L'inizio è stato complicato, come mai tanti intoppi nelle prime settimane? Come li hai superati?
Abbiamo fatto tante piccole correzioni nel corso del tempo. Avevamo molto chiaro il nostro obiettivo e abbiamo lavorato per arrivarci. Abbiamo fatto degli investimenti: le tovaglie, i poggiaposate, tanti piccoli dettagli messi a punto giorno dopo giorno. Ogni volta che qualcuno ci diceva di qualcosa che non andava cercavamo di sistemarlo. Sono state tante piccole cose. L'importante è non fermarsi.

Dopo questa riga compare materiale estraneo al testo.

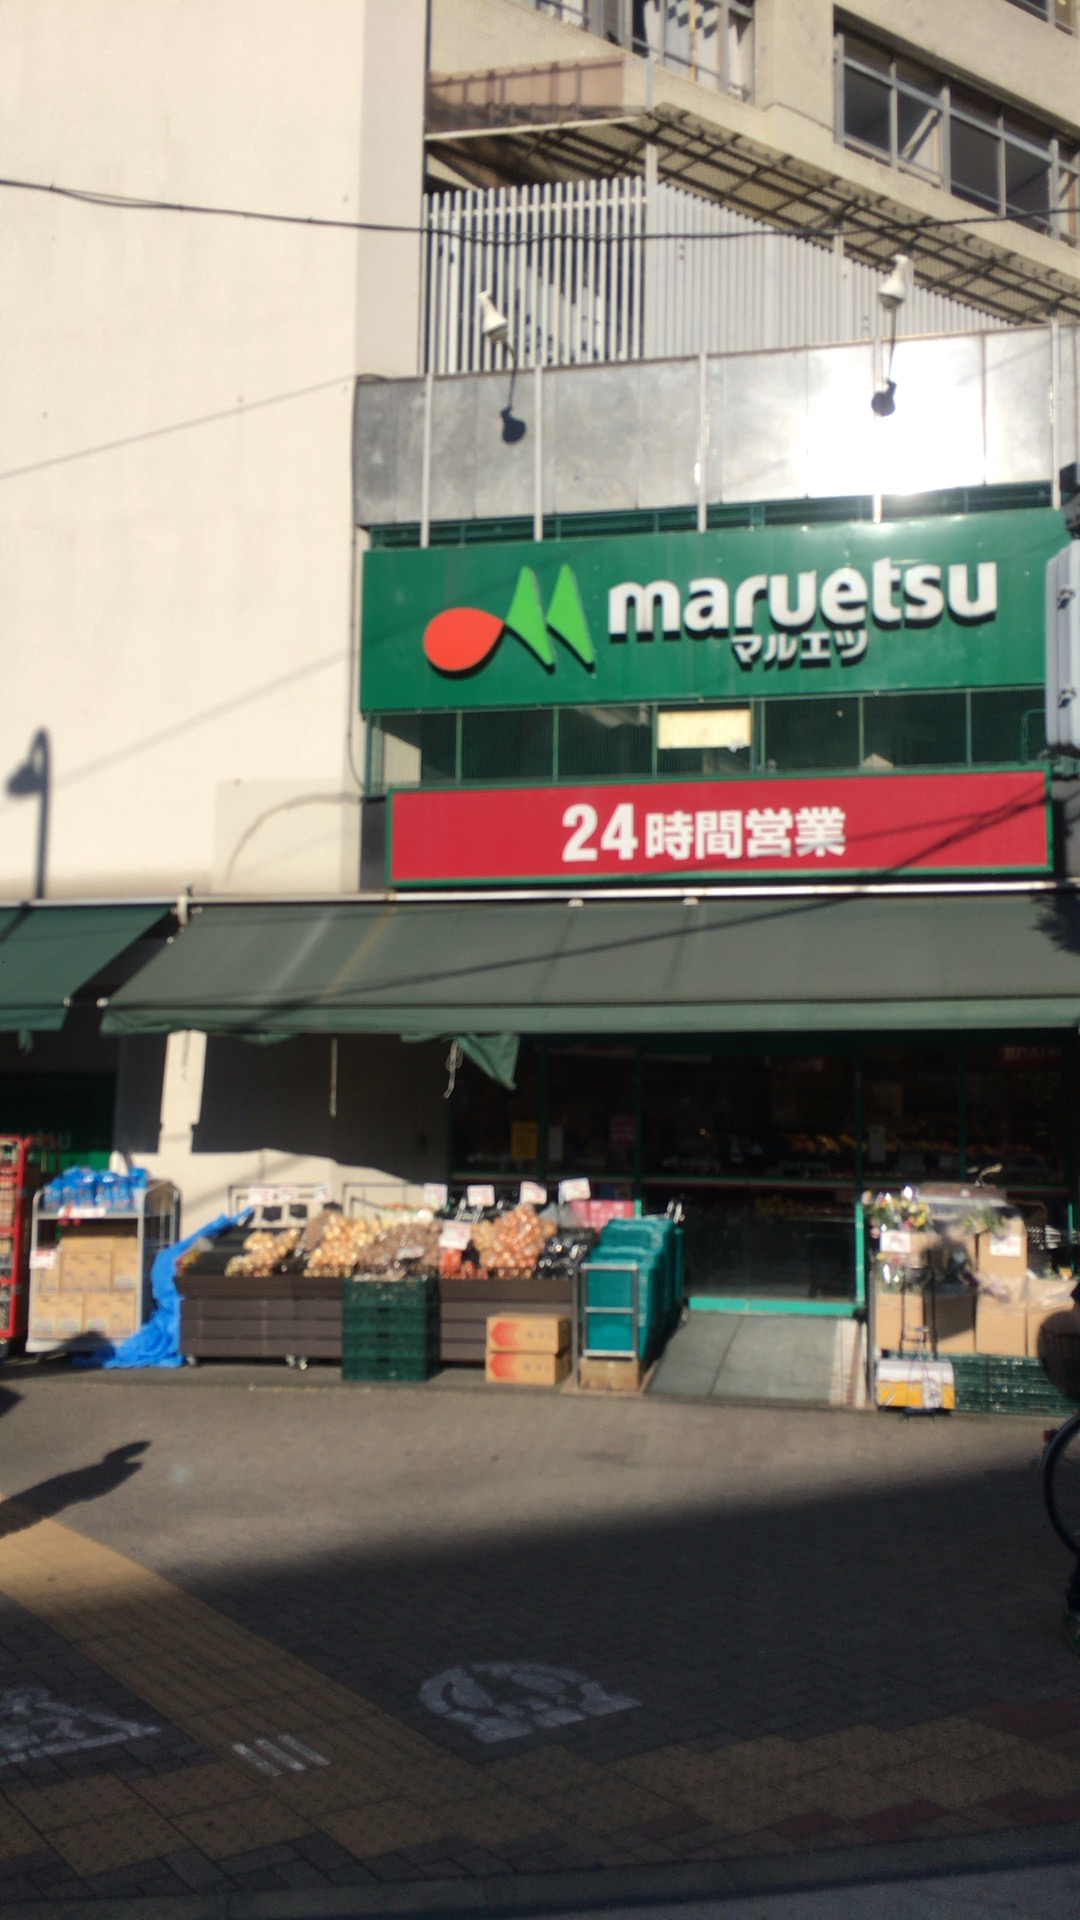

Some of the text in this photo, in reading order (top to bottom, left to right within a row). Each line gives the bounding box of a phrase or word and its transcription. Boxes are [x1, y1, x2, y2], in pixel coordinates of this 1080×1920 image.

[608, 556, 998, 637] maruetsu
[731, 629, 869, 666] マルエツ
[562, 802, 847, 863] 24時間営業

In cucina invece, quali sono stati i cambiamenti maggiori in questo anno?
Anche in cucina la stessa cosa: abbiamo fatto tante variazioni nel menu e messo tantissimi piatti nuovi. Ma non c'è stato un vero cambiamento. Direi piuttosto che abbiamo messo a punto la nostra idea, forse ora lavoriamo di più con i brodi, ma non è tanto quello. Di solito quando si apre un ristorante si inizia in modo più cauto per fare abituare le persone al proprio stile. Io non ho voluto fare così, sono partito con la mia cucina e a qualcuno non è piaciuta. Ma c'è anche chi mi chiede i piatti che avevamo all'inizio. Insomma c'è sempre qualcuno che non è contento, è inevitabile. È impossibile accontentare tutti.

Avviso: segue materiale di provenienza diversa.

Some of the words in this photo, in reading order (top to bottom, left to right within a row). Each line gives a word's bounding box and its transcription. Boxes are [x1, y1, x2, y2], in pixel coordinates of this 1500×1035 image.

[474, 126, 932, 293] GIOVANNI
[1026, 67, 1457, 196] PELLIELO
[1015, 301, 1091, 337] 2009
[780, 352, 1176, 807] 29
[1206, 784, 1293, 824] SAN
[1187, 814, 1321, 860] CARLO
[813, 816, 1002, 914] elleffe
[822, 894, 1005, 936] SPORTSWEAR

L'arrivo della Stella Michelin cosa ha cambiato?
La clientela: chi arriva ora sa già quale è la nostra cucina, mentre fino a poco tempo fa molti entravano e, vedendo il nome giapponese, si aspettavano di mangiare sushi o tempura. Che fossi un giapponese che fa cucina italiana lasciava perplessi. Adesso, anche grazie all'arrivo della Stella, hanno capito che la nostra cucina ha un valore così com'è: un mix di cucina italiana e giapponese. È un incontro di culture. Non è una cucina fusion, non usa ingredienti esotici. Non ha piatti tipici rivisitati, anche perché secondo me la cucina tradizionale e regionale non deve essere toccata. Ma la mia è una nuova cucina italiana fatta con la sensibilità e la storia di una persona giapponese. E i miei piatti raccontano questo.
Come è cambiato il panorama cittadino in quest'anno che è appena trascorso?
E chi lo sa? La maggior parte del tempo sono nel mio ristorante. Mi pare che siano stati aperti soprattutto locali di cucina tradizionale, molto diversi dal nostro. Ma magari mi sbaglio.
Dove mangi a Milano?
A casa mia! Non vado molto in giro. Ho provato Trippa, e forse qualcos'altro. Ma pochissime cose per ora.
Come è cambiata la vita da sous chef a ristoratore?
Non riesco più a stare in cucina. Ci sono mille cose da seguire: il commercialista, le banche, ci sono le fatture e le luci che non funzionano bene o altre cose da sistemare. Non abbiamo un'imprenditore alle spalle del ristorante, sono io che devo pensare a tutto e pagare tutto. All'inizio non riuscivo neanche a essere concentrato bene sulla cucina.
Ci sono state anche delle critiche per i prezzi, giudicati troppi alti. Cosa rispondi?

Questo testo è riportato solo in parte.